– Это самое бездорожье пошло, весной, осенью здесь вообще почти не пробраться, даже на козле. Я стараюсь либо ещё по сухости, либо уже по ледку. Но это если зима неснежная или в ноябре – начале декабря. А если уж начало мести, то всё. Только ежели снегоходом затовариться. Но старички-то наши, они экономные. Что-то сами запасут с лета, а консервы, крупу и макароны, которые я привожу, те берегут, от мышей прячут.
– А как же врачи? – спросил Ник, припомнив торжественные походы своей бабули в поликлинику.

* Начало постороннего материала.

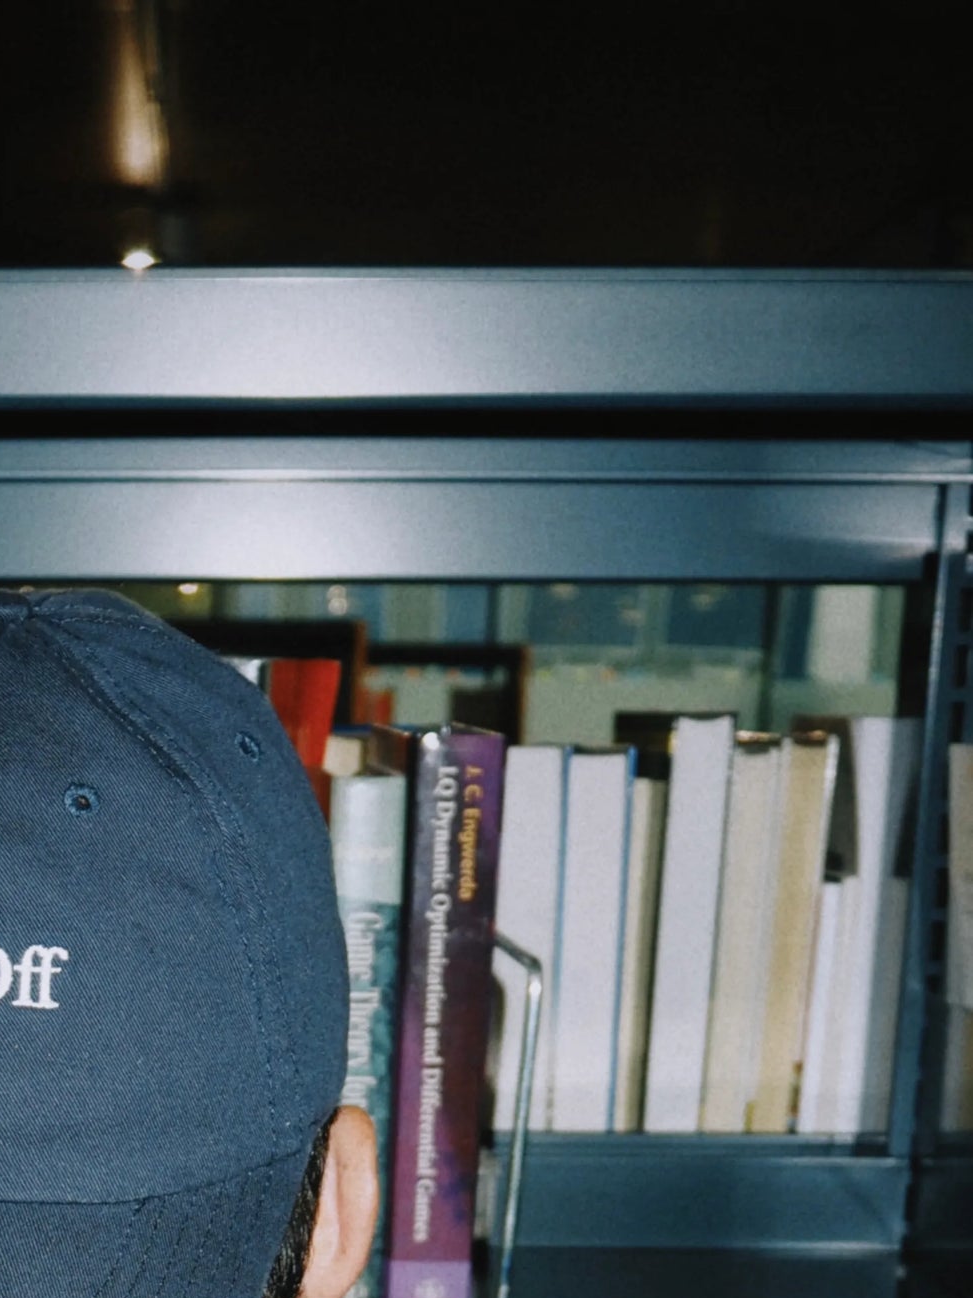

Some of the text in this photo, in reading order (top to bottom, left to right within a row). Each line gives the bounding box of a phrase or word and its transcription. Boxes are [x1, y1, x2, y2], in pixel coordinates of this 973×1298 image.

– Дык я там за всю медицину и отдуваюсь! – хохотнул Михаил Алексеевич. – И повязки я им накладывал, и гипс на переломы, даже рваные раны зашивал! Степаныч пару годков назад так себе косой ногу рассадил, старый хрыч, что чуть концы не отдал! И представь, отказался ехать в больницу наотрез! Если, говорит, помру, так дома, а не в больничке вонючей. Да, по правде, я его и сам неплохо заштопал, лекарства, конечно, возил ещё. Ну, аспирин им покупаю, горчичники ещё просят, да капли в нос, пиносол, очень им по душе пришлись. Говорят – пахнут хорошо. А так они словно законсервировались, воздух, яйца свежие, молоко козье, нам ещё фору дадут! Я же ездить сюда начал, потому что у меня тут брат двоюродный жил. Старше меня всего на семь лет был, а помер. Спился мужик, а такой умелец был, краснодеревщик! Да там полдеревни спилось, как получка – все мужики по канавам валяются. Доходили до того, что жидкость какую-то пили для окон. Двое померли в страшных мучениях, с судорогами, пеной изо рта. Даже до больницы не довезли. Погибают наши деревни, Никуша, только старики вот и доживают. У моих и детей не осталось, навестить некому. Ну вот, впереди овражек, а потом и Вежье уже, считай, приехали!
На дне заледеневшего овражка «тупорылина» попыталась забуксовать, но героическими усилиями Лапшаева, скороговоркой бормотавшего страшные ругательства, последний редут вражеской дороги был взят.
Жидкий перелесок кончился, и Вежье открылось сразу. На фоне мутного белёсого неба избы, привольно раскиданные по склонам холма, казались гигантскими уснувшими птицами. У одной из птиц светились два жёлтых глаза. Справа мягкий бок холма растворялся в тени, и была видна заснеженная излучина Мшинки и деревянный мост. У Ника внутри что-то задрожало и пересохло во рту. Да что он, собственно, волнуется? В конце концов его никто сюда не ссылал, сам припёрся. Прекрасное место для медитации и самопознания.